O outro lado das redes
Apesar dos avanços da pauta indígena nesses espaços, nem todos os indígenas se engajam no movimento. Davi Kaimbé salienta que alguns jovens preferem não participar dos eventos culturais para ficar nas redes vendo outros tipos de conteúdos. “Ainda precisamos fortalecer a comunicação indígena. Alguns jovens aqui não se engajam como os outros e preferem coisas dos brancos em vez das indígenas”, pontua Davi.
A comunicadora Brenda também enfatiza uma preocupação com o uso das telas dentro da aldeia, mas ressalta a importância delas para a descolonização do pensamento dos não indígenas. “Apesar de a tecnologia ter chegado aqui por volta de 2010, ainda vejo ela como uma ferramenta pouco aproveitada nesse aspecto.
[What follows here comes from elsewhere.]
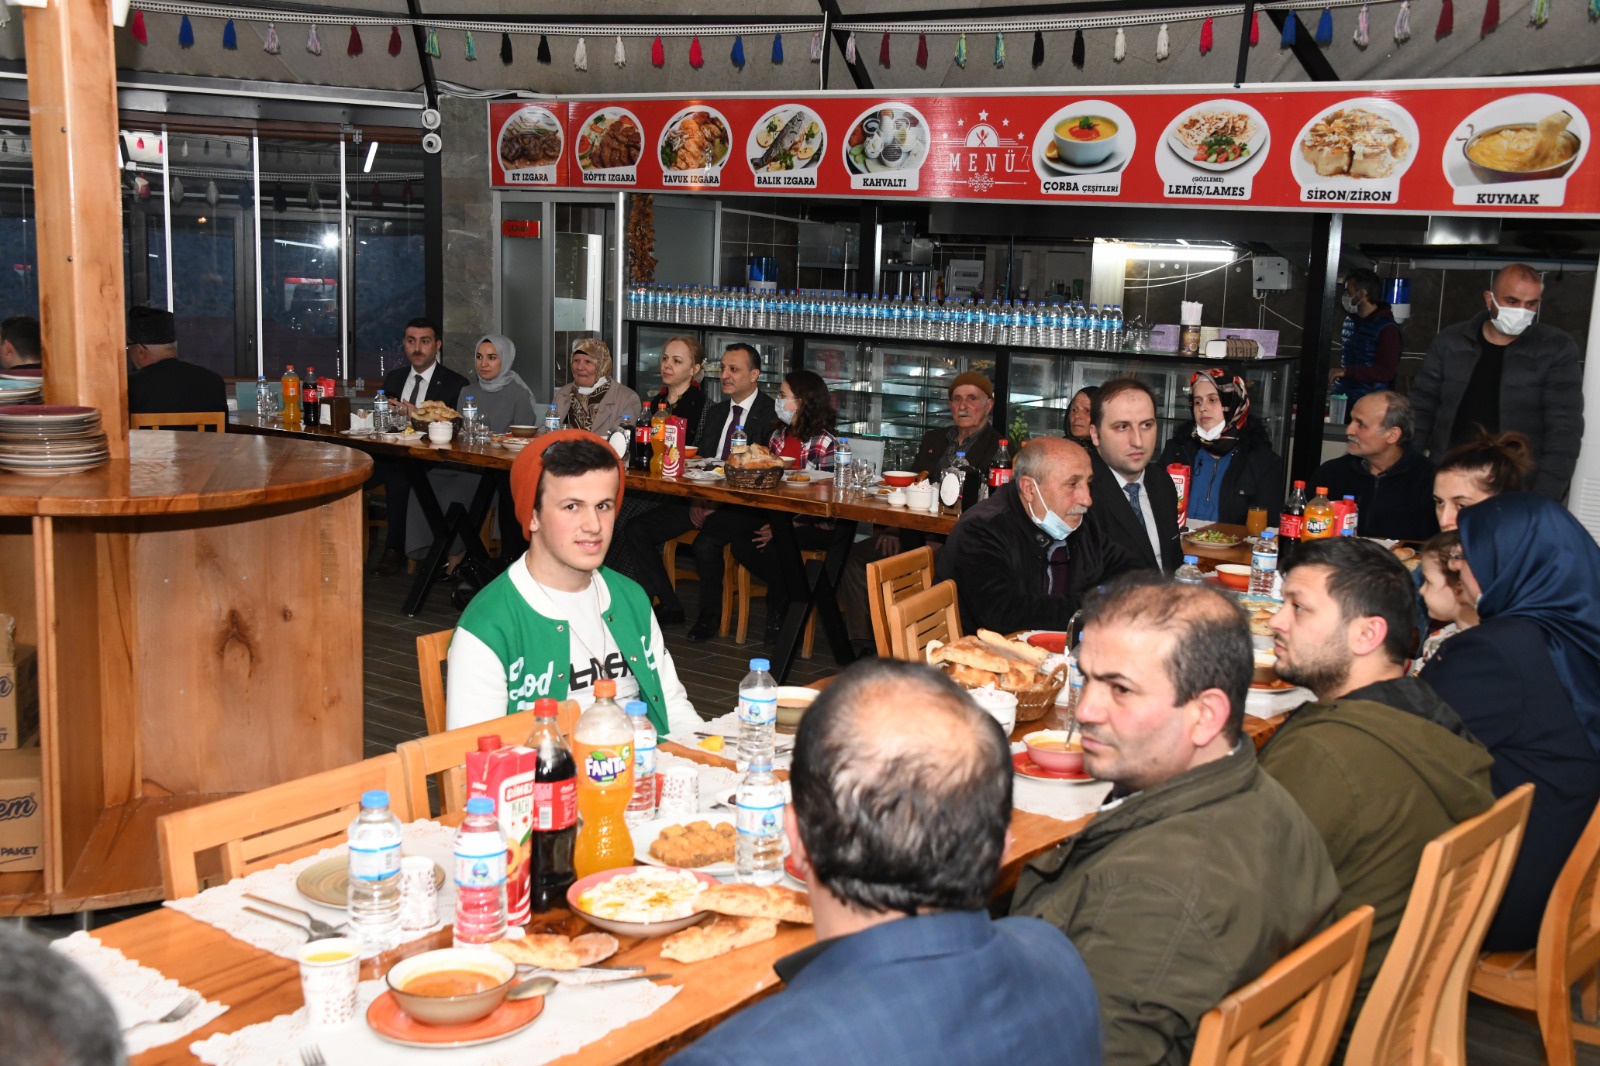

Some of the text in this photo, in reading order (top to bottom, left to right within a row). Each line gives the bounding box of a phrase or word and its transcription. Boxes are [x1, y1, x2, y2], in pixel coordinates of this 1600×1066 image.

Não digo que não é utilizada, porque muitos já usam, mas sinto falta de um uso voltado para o repasse da história — apenas umas cinco pessoas fazem isso. Os jovens não têm tanto interesse. As histórias acabam sendo repassadas só em momentos específicos, como celebrações ou eventos religiosos. A escrita e a gravação ainda são fracas aqui dentro. Sinto que há um engarrafamento nesse processo”, aponta.
Ao falar do futuro, ela destaca: “Falar de futuro é difícil. Tem dias que eu acordo achando que vamos conquistar o mundo. Em outros, acho que estamos retrocedendo. A juventude é minha maior preocupação. É uma montanha-russa de emoções. Porque, às vezes, a gente quer preservar, contar, registrar. Mas, enquanto um ou dois querem, tem três que não querem. Já perdemos muita coisa por não registrar. Meu avô dizia: ‘Queria escrever, mas só estudei até a quarta série, não lembro mais de muita coisa’.”
“Hoje temos tudo nas mãos: celular, redes sociais, domínio da escrita. Temos uma escola indígena estruturada, com professores e materiais. Mas falta interesse, falta consciência. Mesmo assim, já chegamos até aqui, depois de anos de colonização, de apagamentos. Eu tenho esperança em um futuro melhor e vamos continuar usando as redes para isso. Vamos continuar desmitificando os estereótipos que a população tem sobre nós”, conclui.